■ **TASK GOAL**
In your copy, include no images, and write out every entry below exactly as it stands.

————————

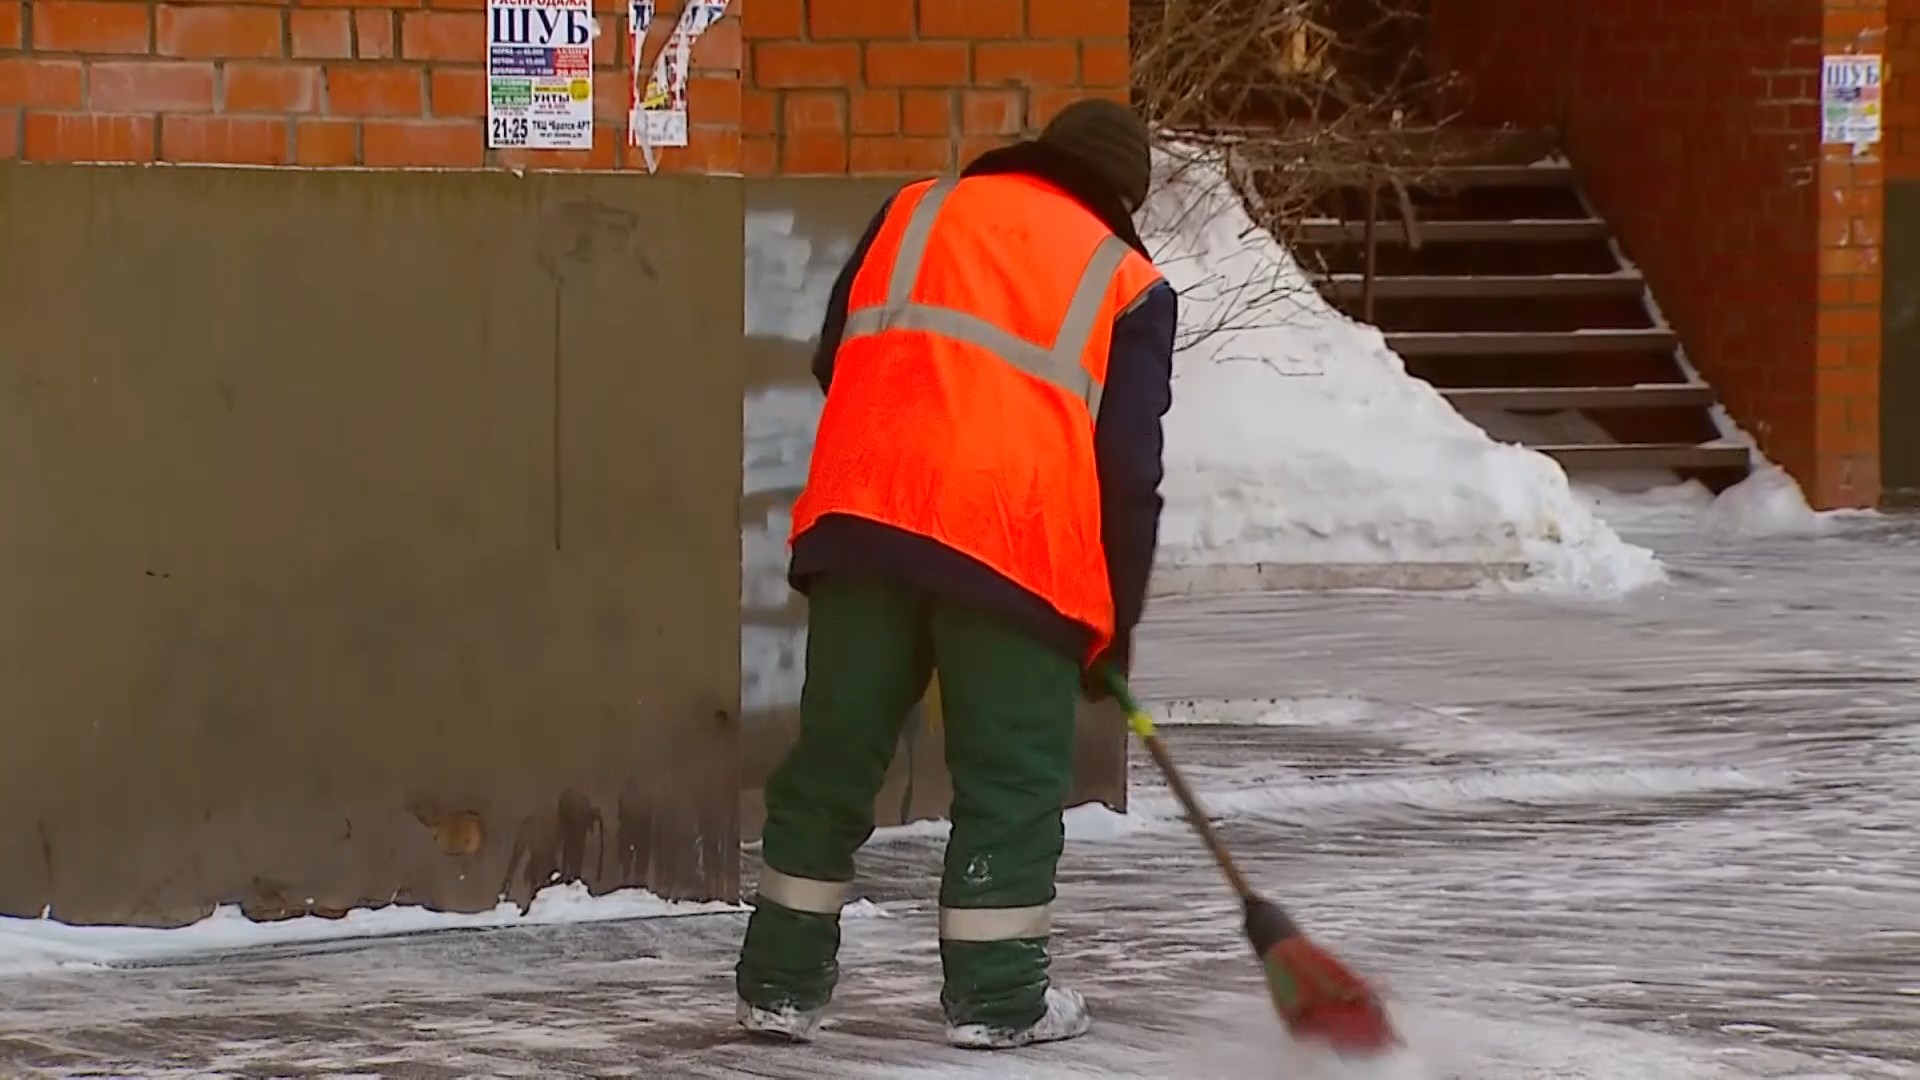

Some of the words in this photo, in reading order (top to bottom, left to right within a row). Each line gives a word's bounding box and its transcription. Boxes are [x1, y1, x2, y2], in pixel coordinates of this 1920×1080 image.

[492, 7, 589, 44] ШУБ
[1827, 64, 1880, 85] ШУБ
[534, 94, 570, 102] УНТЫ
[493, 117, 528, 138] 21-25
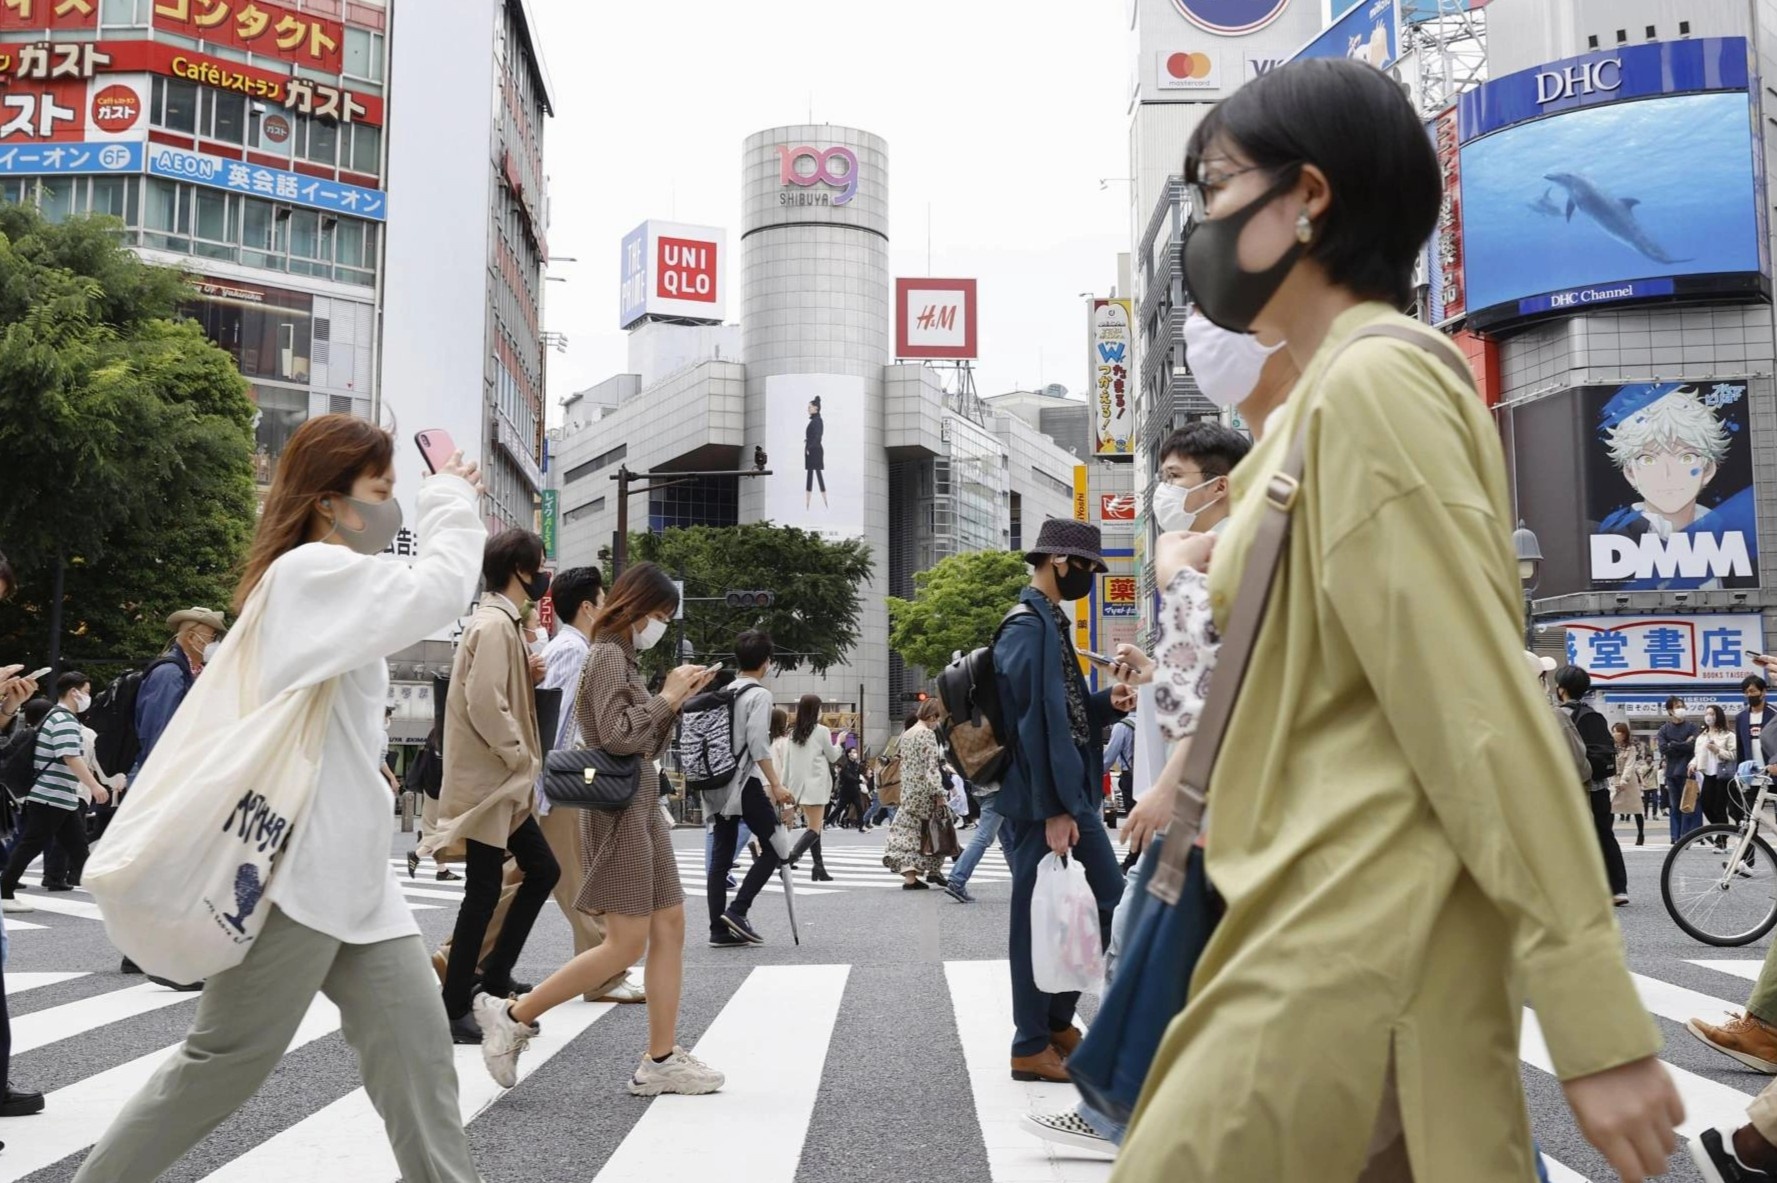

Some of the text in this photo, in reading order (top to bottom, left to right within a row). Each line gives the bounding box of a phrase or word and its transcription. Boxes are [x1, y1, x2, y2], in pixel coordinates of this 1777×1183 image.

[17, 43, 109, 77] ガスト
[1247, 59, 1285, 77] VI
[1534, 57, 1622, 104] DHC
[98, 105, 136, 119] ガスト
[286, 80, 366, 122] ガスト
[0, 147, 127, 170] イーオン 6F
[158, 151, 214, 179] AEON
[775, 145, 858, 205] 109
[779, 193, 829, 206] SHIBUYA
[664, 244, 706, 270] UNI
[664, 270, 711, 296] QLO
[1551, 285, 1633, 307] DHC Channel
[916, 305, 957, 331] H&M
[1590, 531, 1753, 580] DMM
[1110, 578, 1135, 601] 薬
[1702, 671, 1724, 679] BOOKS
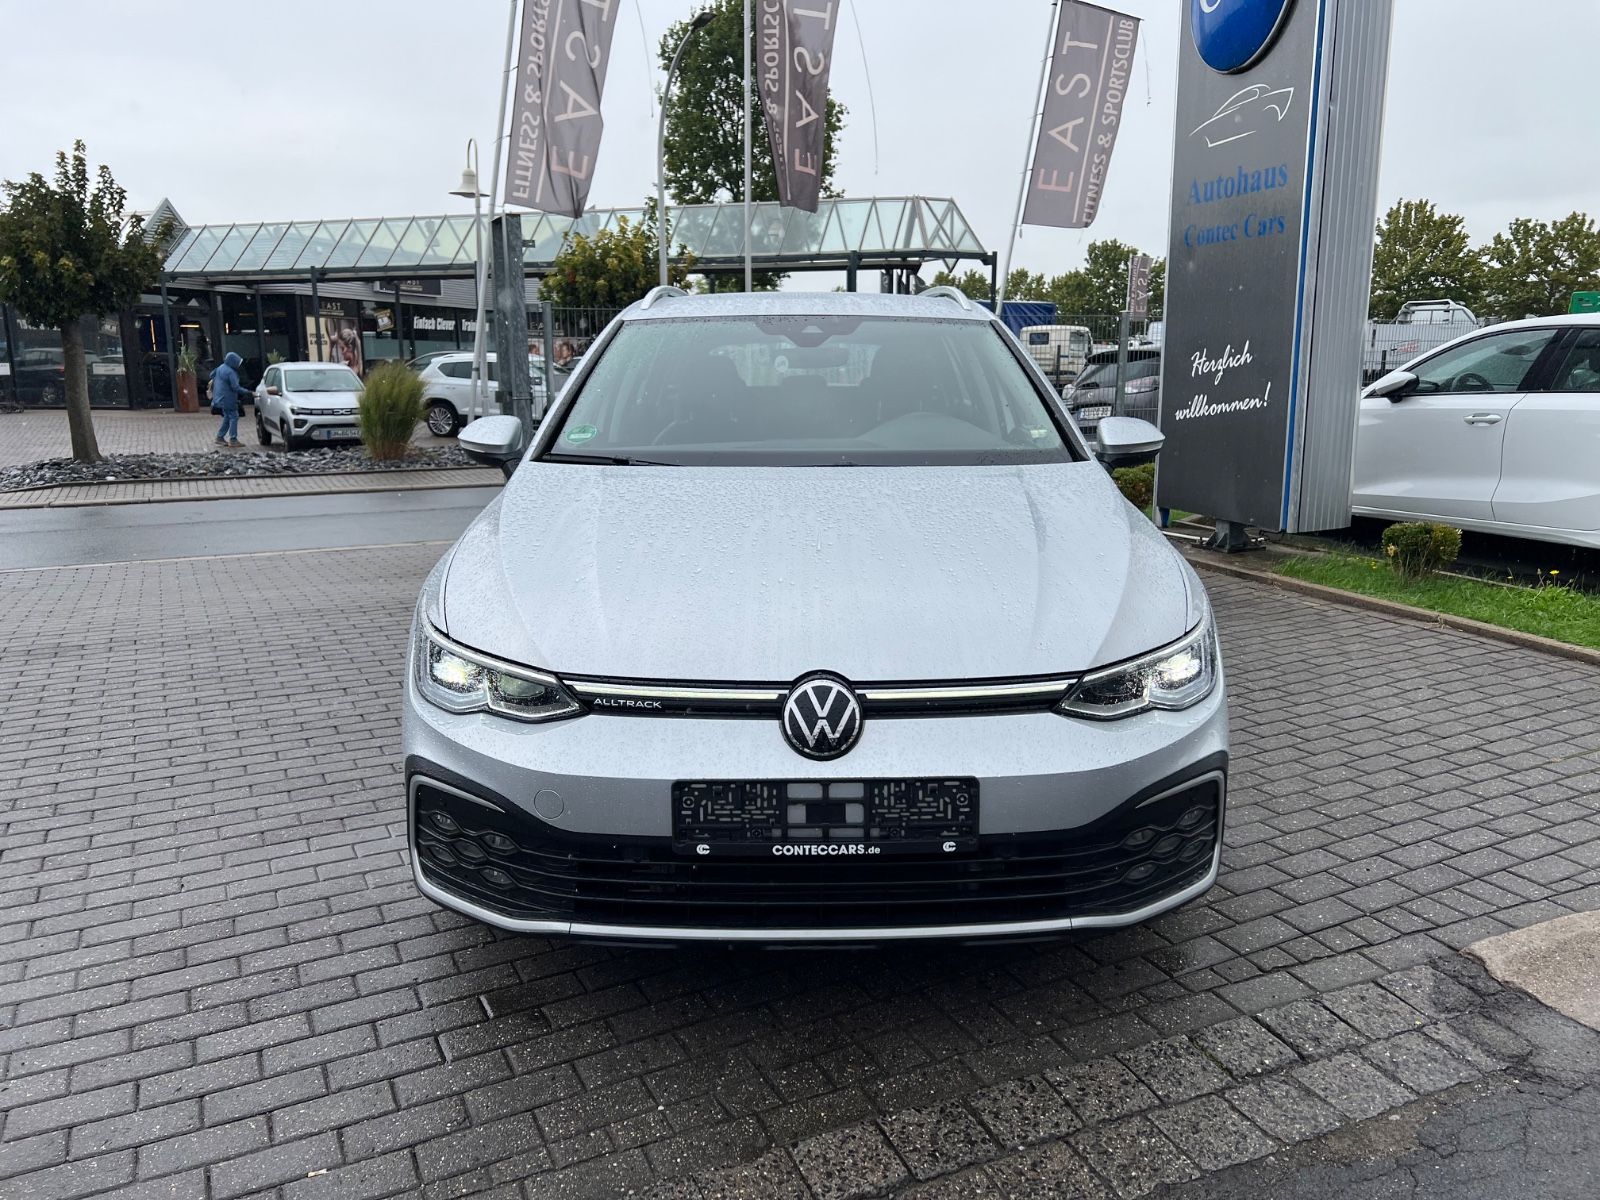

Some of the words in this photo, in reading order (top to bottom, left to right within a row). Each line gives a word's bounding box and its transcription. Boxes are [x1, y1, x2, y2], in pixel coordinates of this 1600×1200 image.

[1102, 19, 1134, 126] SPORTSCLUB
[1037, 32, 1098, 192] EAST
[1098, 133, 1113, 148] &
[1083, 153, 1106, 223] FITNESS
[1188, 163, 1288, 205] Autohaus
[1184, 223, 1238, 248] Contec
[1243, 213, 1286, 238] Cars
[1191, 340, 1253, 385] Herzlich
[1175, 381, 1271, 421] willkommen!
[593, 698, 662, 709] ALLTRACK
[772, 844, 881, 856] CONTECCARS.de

————————

■ **FINAL ANSWER**
Some of the words in this photo, in reading order (top to bottom, left to right within a row). Each line gives a word's bounding box and its transcription. Boxes are [x1, y1, x2, y2], in pixel coordinates of this 1920×1080 image.

[492, 7, 589, 44] ШУБ
[1827, 64, 1880, 85] ШУБ
[534, 94, 570, 102] УНТЫ
[493, 117, 528, 138] 21-25

Some of the text in this photo, in reading order (top to bottom, left to right within a row). Each line gives the bounding box of a phrase or word and its transcription. Boxes are [x1, y1, x2, y2], in pixel coordinates of this 1777×1183 image.

[17, 43, 109, 77] ガスト
[1247, 59, 1285, 77] VI
[1534, 57, 1622, 104] DHC
[98, 105, 136, 119] ガスト
[286, 80, 366, 122] ガスト
[0, 147, 127, 170] イーオン 6F
[158, 151, 214, 179] AEON
[775, 145, 858, 205] 109
[779, 193, 829, 206] SHIBUYA
[664, 244, 706, 270] UNI
[664, 270, 711, 296] QLO
[1551, 285, 1633, 307] DHC Channel
[916, 305, 957, 331] H&M
[1590, 531, 1753, 580] DMM
[1110, 578, 1135, 601] 薬
[1702, 671, 1724, 679] BOOKS

Some of the words in this photo, in reading order (top to bottom, left to right within a row). Each line gives a word's bounding box and its transcription. Boxes are [x1, y1, x2, y2], in pixel coordinates of this 1600×1200 image.

[1102, 19, 1134, 126] SPORTSCLUB
[1037, 32, 1098, 192] EAST
[1098, 133, 1113, 148] &
[1083, 153, 1106, 223] FITNESS
[1188, 163, 1288, 205] Autohaus
[1184, 223, 1238, 248] Contec
[1243, 213, 1286, 238] Cars
[1191, 340, 1253, 385] Herzlich
[1175, 381, 1271, 421] willkommen!
[593, 698, 662, 709] ALLTRACK
[772, 844, 881, 856] CONTECCARS.de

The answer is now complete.